La cabeza del gato, fuertemente sujeta a la mesa por una correa y comunicando solamente con el resto del cuerpo por los nervios y ligamentos espinales, después de algunas contorsiones agónicas que sucedieron a la decapitación, cerró los ojos y quedó insensible, cual si la muerte se hubiese apoderado de ella. Pero así que los movimientos del aparato ingirieron parte de la sangre desfibrinada restableciendo la circulación craneal, la vida reapareció en todos los órganos: abrió la boca y agitó varias veces la lengua, queriendo expresar con mayidos los dolores del suplicio; pero los pulmones faltaban y la laringe no pudo articular sonido ninguno; también abrió los ojos y sus pupilas rodaron en todos sentidos quedando fijas en el médico, y mirándole permanecieron inmóviles.

Montánchez, satisfecho del sesgo que adquiría la operación, se recostó en el sillón y, extendiendo la mano, hizo girar un sistema de dos cristales de aumento colocados encima de la mesa sobre un soporte metálico.

La luz del quinqué atravesó la primer lente, y el rayo luminoso, ya reforzado por la potencia concentrativa del cristal, atravesó el segundo, yendo a proyectarse sobre los ojos del animal decapitado. Aquél era el objeto único del difícil experimento, pues había de demostrar la existencia o ausencia de la vida psíquica en la cabeza amputada.
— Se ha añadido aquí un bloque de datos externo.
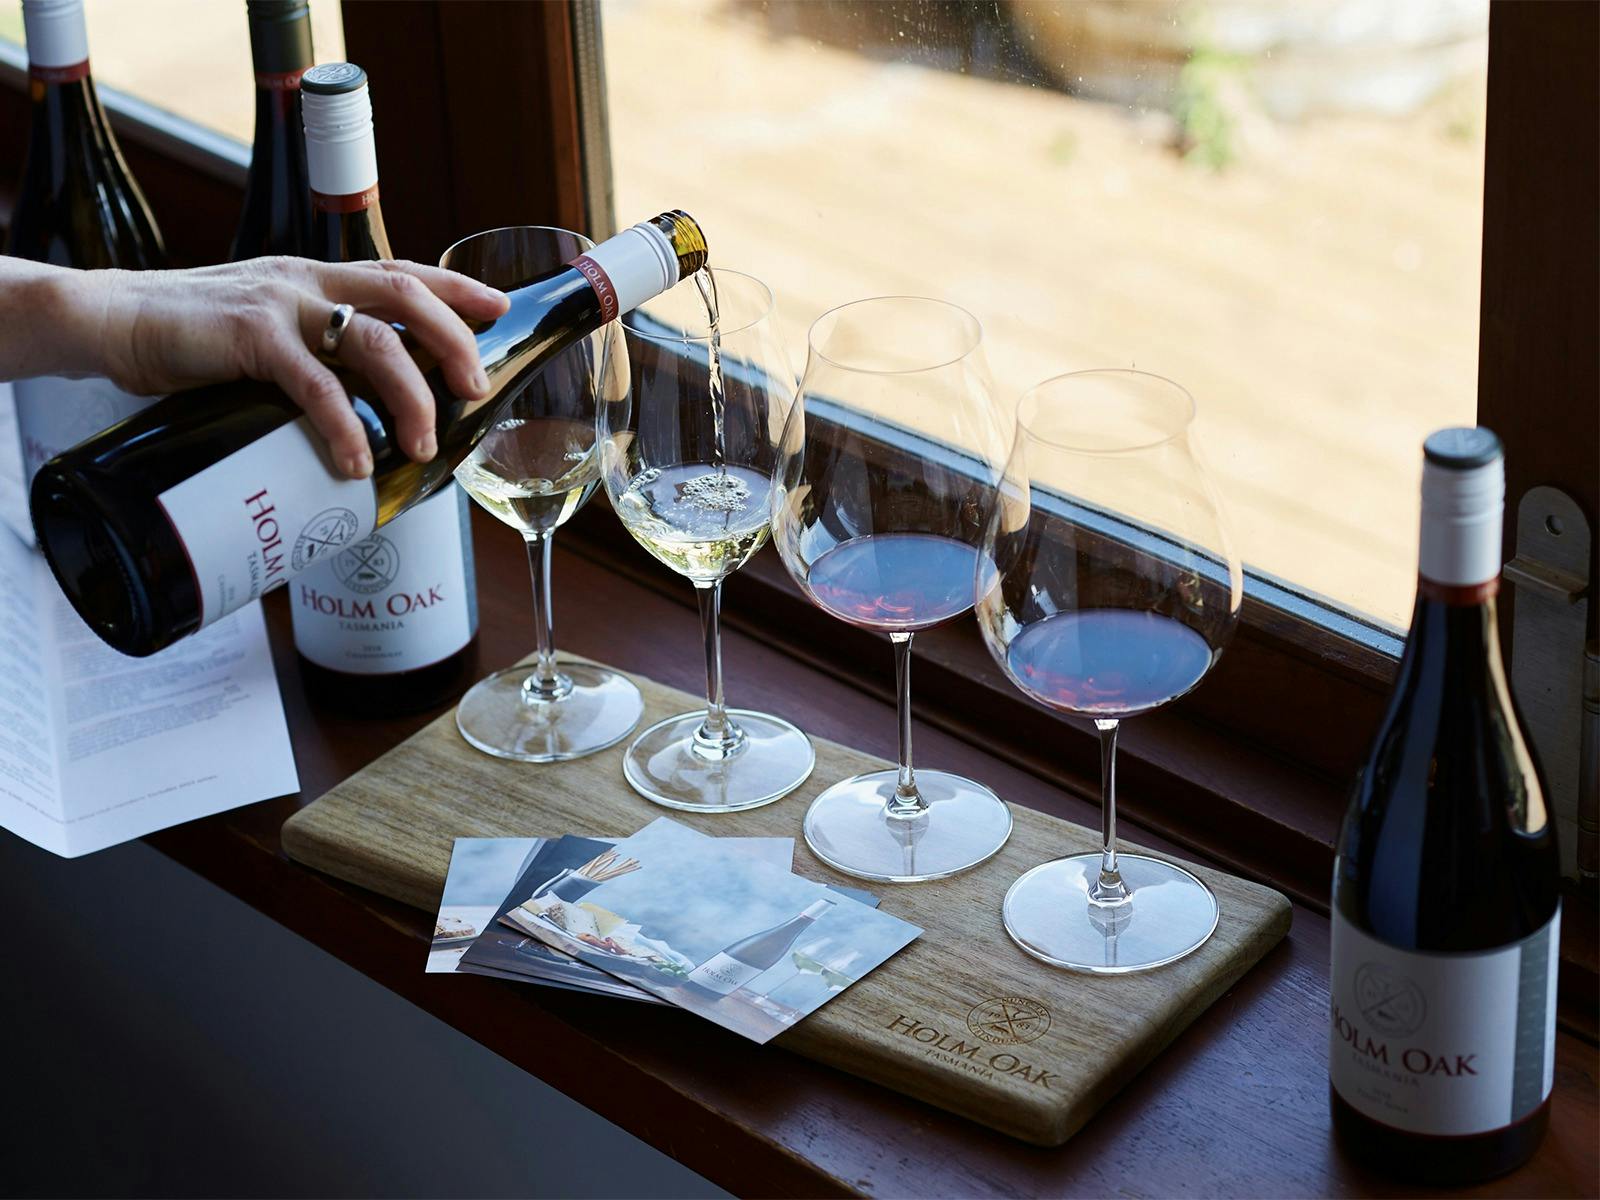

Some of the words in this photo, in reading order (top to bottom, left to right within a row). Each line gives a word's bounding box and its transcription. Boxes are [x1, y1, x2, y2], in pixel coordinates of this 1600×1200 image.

[580, 260, 608, 294] HOLM
[244, 489, 286, 579] HOLM
[301, 585, 376, 619] HOLM
[386, 582, 445, 616] OAK
[339, 621, 404, 632] TASMANIA
[886, 1014, 981, 1060] HOLM
[989, 1053, 1061, 1089] OAK
[924, 1049, 994, 1080] TASMANIA
[1401, 1048, 1478, 1077] OAK
Montánchez se inclinó hacia delante anhelando ver comprobadas sus teorías acerca de las fuentes de las vidas orgánicas y pensantes. Al caer el haz de rayos luminosos sobre los ojos del gato, los párpados, hasta entonces inmóviles, se contrajeron violentamente, y el médico, que antes de hacer girar los lentes reflectores palideció de ansiedad, tornó a palidecer de alegría; aquello era lo que él buscaba, lo que tantas veces afirmó antes de poder comprobarlo por sí mismo.
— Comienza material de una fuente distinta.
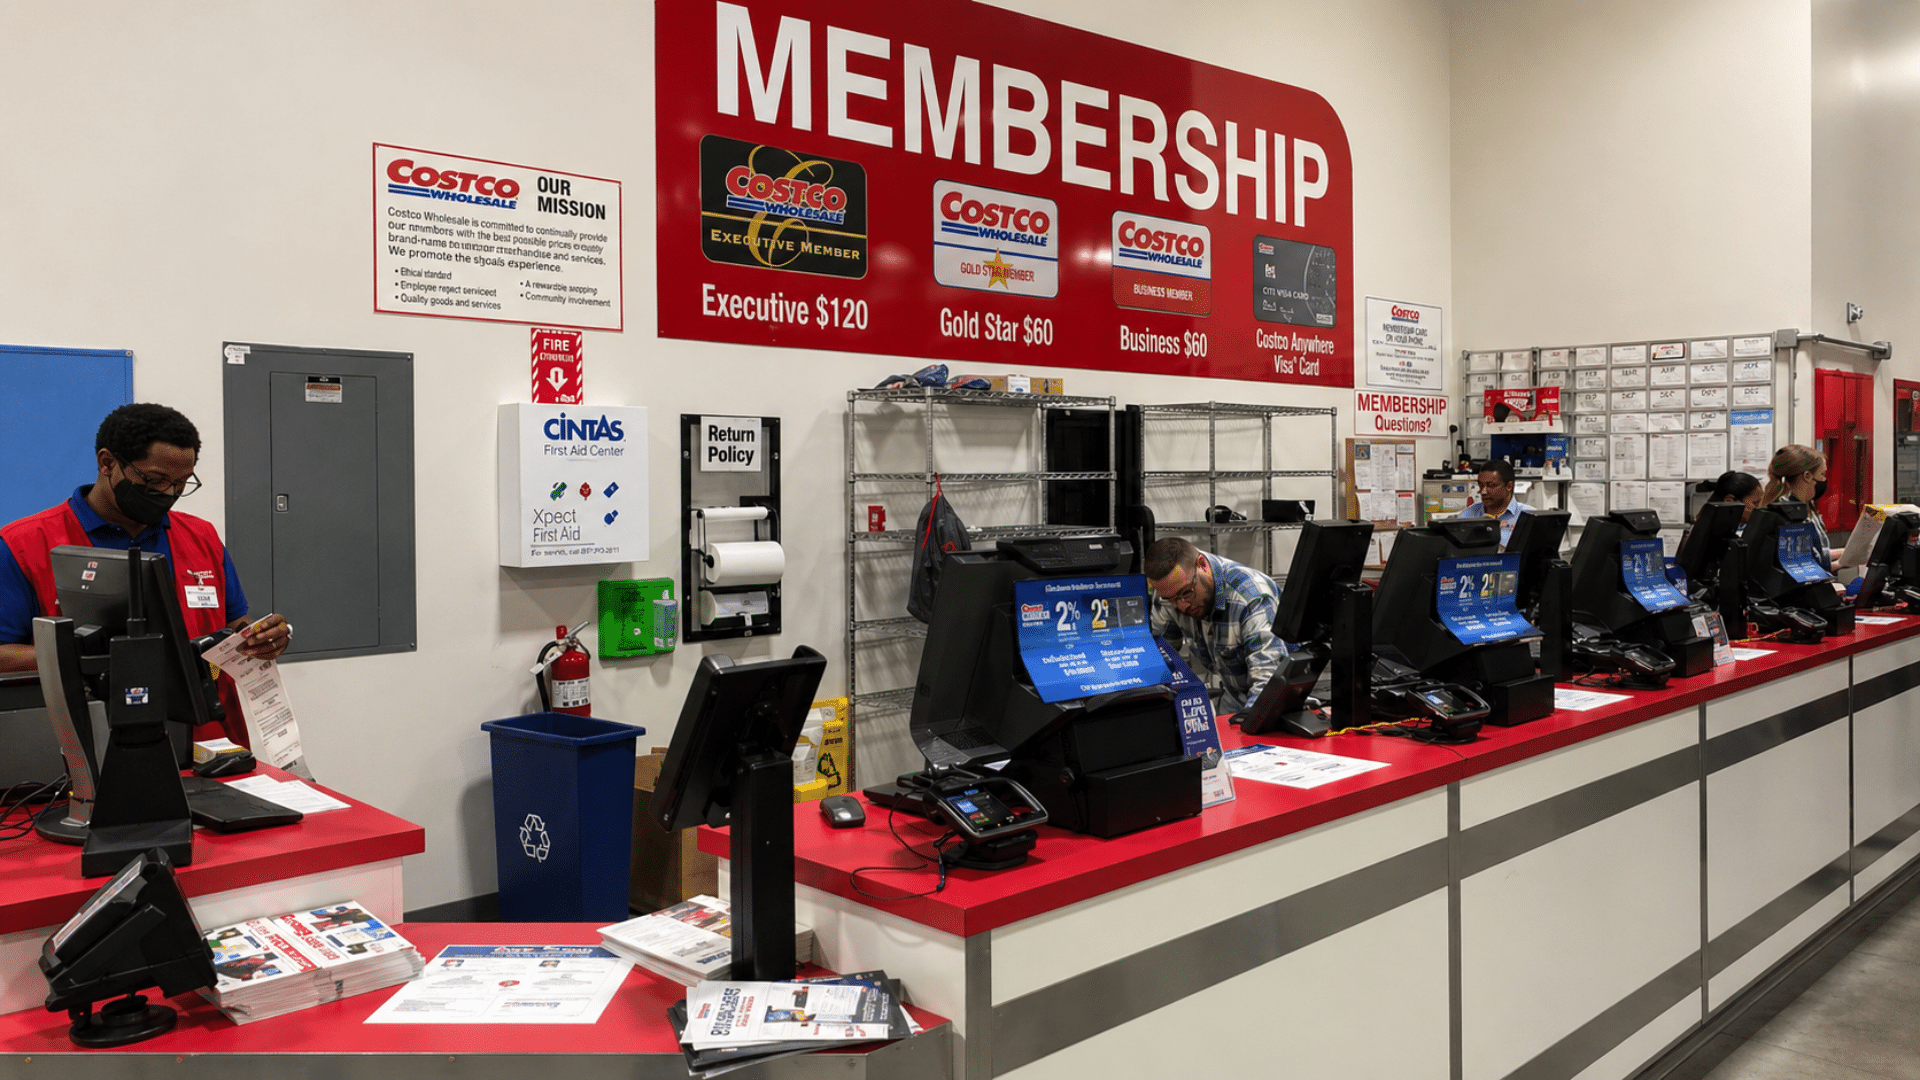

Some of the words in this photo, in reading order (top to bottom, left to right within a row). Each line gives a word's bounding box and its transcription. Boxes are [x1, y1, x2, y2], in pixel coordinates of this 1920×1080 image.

[716, 1, 1329, 227] MEMBERSHIP
[387, 158, 520, 198] COSTCO
[537, 176, 571, 197] OUR
[726, 165, 847, 211] COSTCO
[430, 189, 518, 210] WHOLESALE
[537, 196, 606, 220] MISSION
[388, 206, 422, 220] Costco
[424, 211, 470, 227] Wholesale
[471, 217, 479, 227] is
[526, 224, 534, 234] to
[941, 191, 1050, 234] COSTCO
[388, 221, 406, 230] our
[477, 231, 491, 241] the
[978, 227, 1048, 247] WHOLESALE
[1118, 220, 1204, 257] COSTCO
[388, 245, 406, 256] We
[409, 249, 453, 262] promote
[455, 253, 471, 263] the
[960, 262, 981, 276] GOLD
[525, 280, 531, 288] A
[455, 299, 470, 307] and
[702, 283, 809, 326] Executive
[816, 294, 869, 330] $120
[940, 307, 979, 339] Gold
[985, 312, 1019, 342] Star
[1023, 315, 1053, 347] $60
[543, 338, 570, 351] FIRE
[1120, 325, 1180, 355] Business
[1184, 329, 1207, 358] $60
[1256, 328, 1288, 350] Costco
[1291, 332, 1334, 355] Anywhere
[1299, 356, 1319, 376] Card
[1357, 393, 1447, 415] MEMBERSHIP
[708, 425, 755, 442] Return
[1375, 414, 1432, 433] Questions?
[570, 444, 587, 456] Aid
[590, 445, 625, 456] Center
[708, 445, 755, 466] Policy
[533, 508, 577, 527] Xpect
[533, 527, 557, 542] First
[560, 525, 580, 541] Aid
La vida intelectual, como la física, depende exclusivamente de la circulación sanguínea, tanto, que el órgano donde ésta se mantuviese con perfecta regularidad, podría vivir y desarrollarse separado del cuerpo.

El movimiento producido por el rayo de luz en los ojos del gato, pertenecía al orden de los movimientos llamados reflejos, pues implicaba acción y reacción nerviosa: acción directa o sea transmisión de la impresión visual por los nervios centrípetos a los tálamos ópticos, y reacción instintiva o voluntaria a lo largo de los nervios centrífugos desde los tálamos ópticos a los músculos constrictores del ojo, que eran los que inmediatamente determinaron la contracción de los párpados. Se trataba, por tanto, de un fenómeno nervioso perfecto.
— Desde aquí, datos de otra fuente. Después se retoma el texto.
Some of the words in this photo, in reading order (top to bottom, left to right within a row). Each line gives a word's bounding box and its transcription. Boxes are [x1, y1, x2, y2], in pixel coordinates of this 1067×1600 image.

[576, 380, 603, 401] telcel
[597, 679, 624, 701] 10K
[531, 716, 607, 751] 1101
La sensación de dolor causada en la retina por la luz del quinqué, determinó un movimiento puramente físico que hirió al nervio óptico y se transmitió al cerebro; y luego esta conmoción física engendró otra de un orden reflejo o psíquico, que partía del centro a la periferia implicando la existencia de un entendimiento que comprende dónde están el peligro y el dolor, y de una voluntad ordenadora que cierra los párpados para impedir que la luz mortifique la retina.

Gabriel Montánchez apartó dos o tres veces el haz luminoso de los ojos del animal para volver a dirigirlo sobre ellos, y siempre obtuvo el mismo feliz resultado.